Anna Frants is a multimedia artist based in New York. She was born in St. Petersburg and graduated in 1989 from the Stieglitz Academy of Art and Design with a classical training in monumental painting. She later expanded her interests into new fields such as computer graphics and animation.

Her achievements reflect a wide range of artistic interests. Anna has received several awards for best 3D animation at prestigious computer graphics competitions (e.g., AutoDesk Planet Studio Award). She curates and participates in exhibitions in the U.S. and Russia, teaches media and animation, and publishes art criticism. Her works are in the collection of the Museum of Art and Design in New York and in private collections.


Art Center BOREY, founded in 1991, is a unique cultural institution born from a grassroots civic initiative. It was created by a group of like-minded individuals with the goal of establishing a cultural house open to artistic initiatives. Its mission is to present a wide spectrum of artistic and intellectual life in order to shape criteria for evaluating contemporary art.


The Road
CYLAND Media Lab
Old suitcases, audio

The past is remembered in fragments, especially when you’re not the one moving. I absolutely love traveling—especially by train—because you’re lying down! You can’t do anything about it, but you’re still rushing forward! Toward your destination.

Maybe there’s no real need to go there, but circumstances are such that you end up lying there thinking about life anyway. And then you remember childhood, and the feeling of sun-warmed moss when you lie on it cheek-first—it’s a little rough, but kind, because it’s warm and smells like the sea, though the sea is 50 kilometers away.

There’s also the smell of a hot coin that bounced off the rail after we put it there. And the suitcase that smells mysteriously “experienced.”

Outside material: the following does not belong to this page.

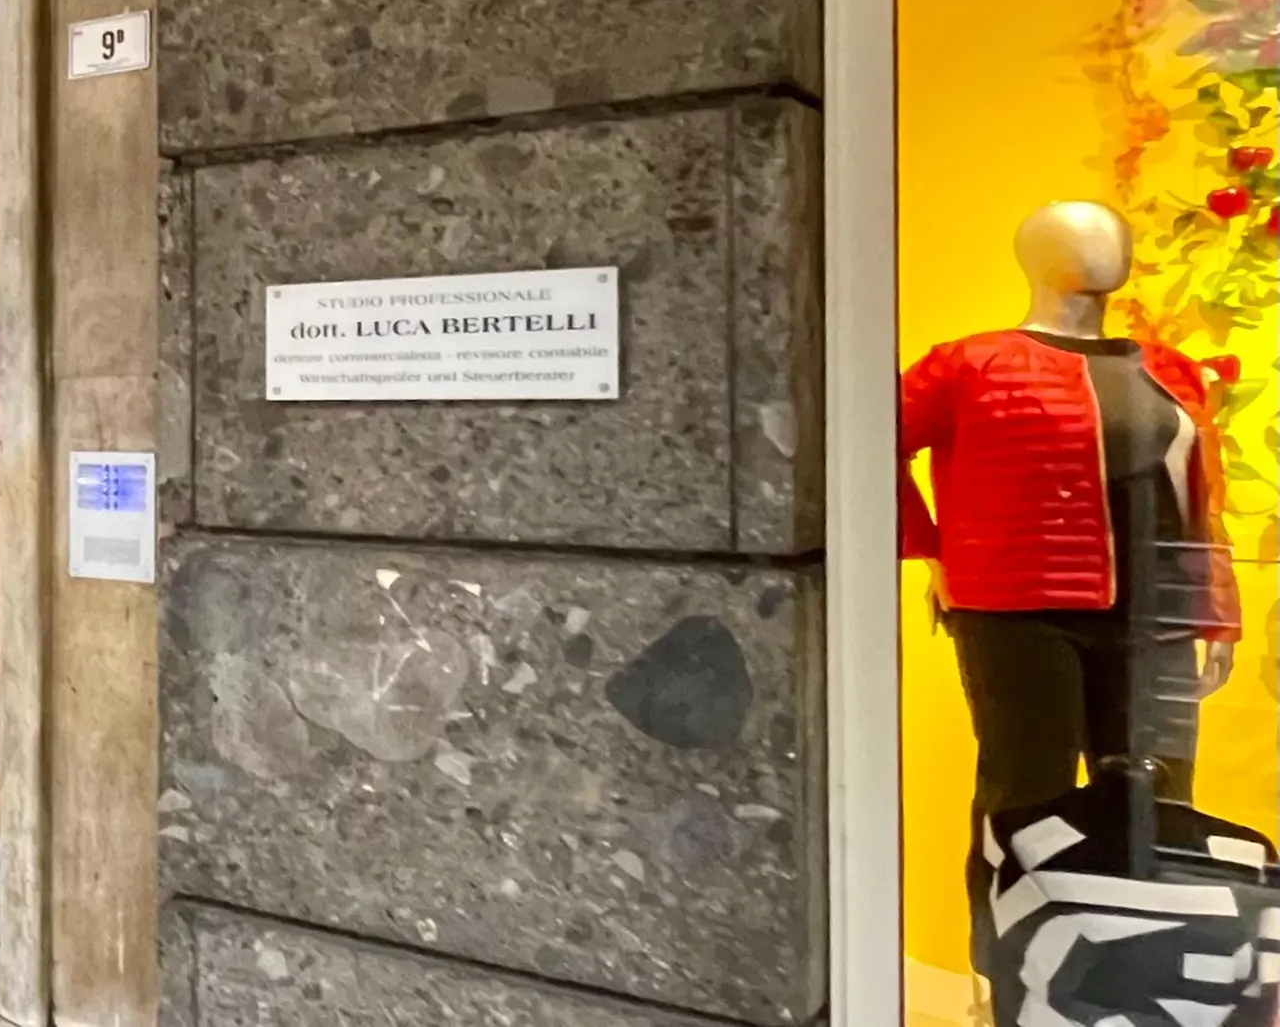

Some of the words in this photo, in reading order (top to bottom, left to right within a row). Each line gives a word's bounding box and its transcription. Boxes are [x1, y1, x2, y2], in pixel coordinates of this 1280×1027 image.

My mother once told me a story: during the siege, a bomb fragment pierced our wardrobe and left a hole. Fast forward 25 years, and I, three years old, am standing in front of that wardrobe. A black, TERRIFYING HOLE horrifies me.
“Mama, are there really only things inside?”
I don’t remember what she answered, but I’m so glad that the THINGS stayed with me!


From the Personal Space series
Space No. 2
CYLAND Media Lab
Video programming, audio, cotton, household items

Do you “own” the shadow that tree branches cast on a park bench if you sit there every day? The paradox is that it feels like yours—you get used to it, bond with it, even love it. You become the source of light that creates it. Unlike the emotionally indifferent “cold” sun, the person who loves the shadow radiates warmth—not rational, not practical, and not subject to precise analysis.

In Speak, Memory, Nabokov called this an “individual mystery”:
“With an inexplicable thrill, I gazed through the glass at a handful of distant diamond lights that shimmered in the dark velvet of far-off hills, and then seemed to slip into a velvet pocket. Later I gave such treasures to the heroes of my books—to rid myself of this wealth somehow.”

Personal Space is a series of exhibitions devoted to this phenomenon of attachment or love toward the inanimate—from a purely subjective perspective.


From the Personal Space series
The Nuisance
Projector, video camera, Roomba robot, programming, video
Anna Frants, CYLAND Media Lab
Programming by Alexey Grachev

From the Ozhegov Dictionary:
NUISANCE (надоеда) — A person who constantly pesters or clings to someone.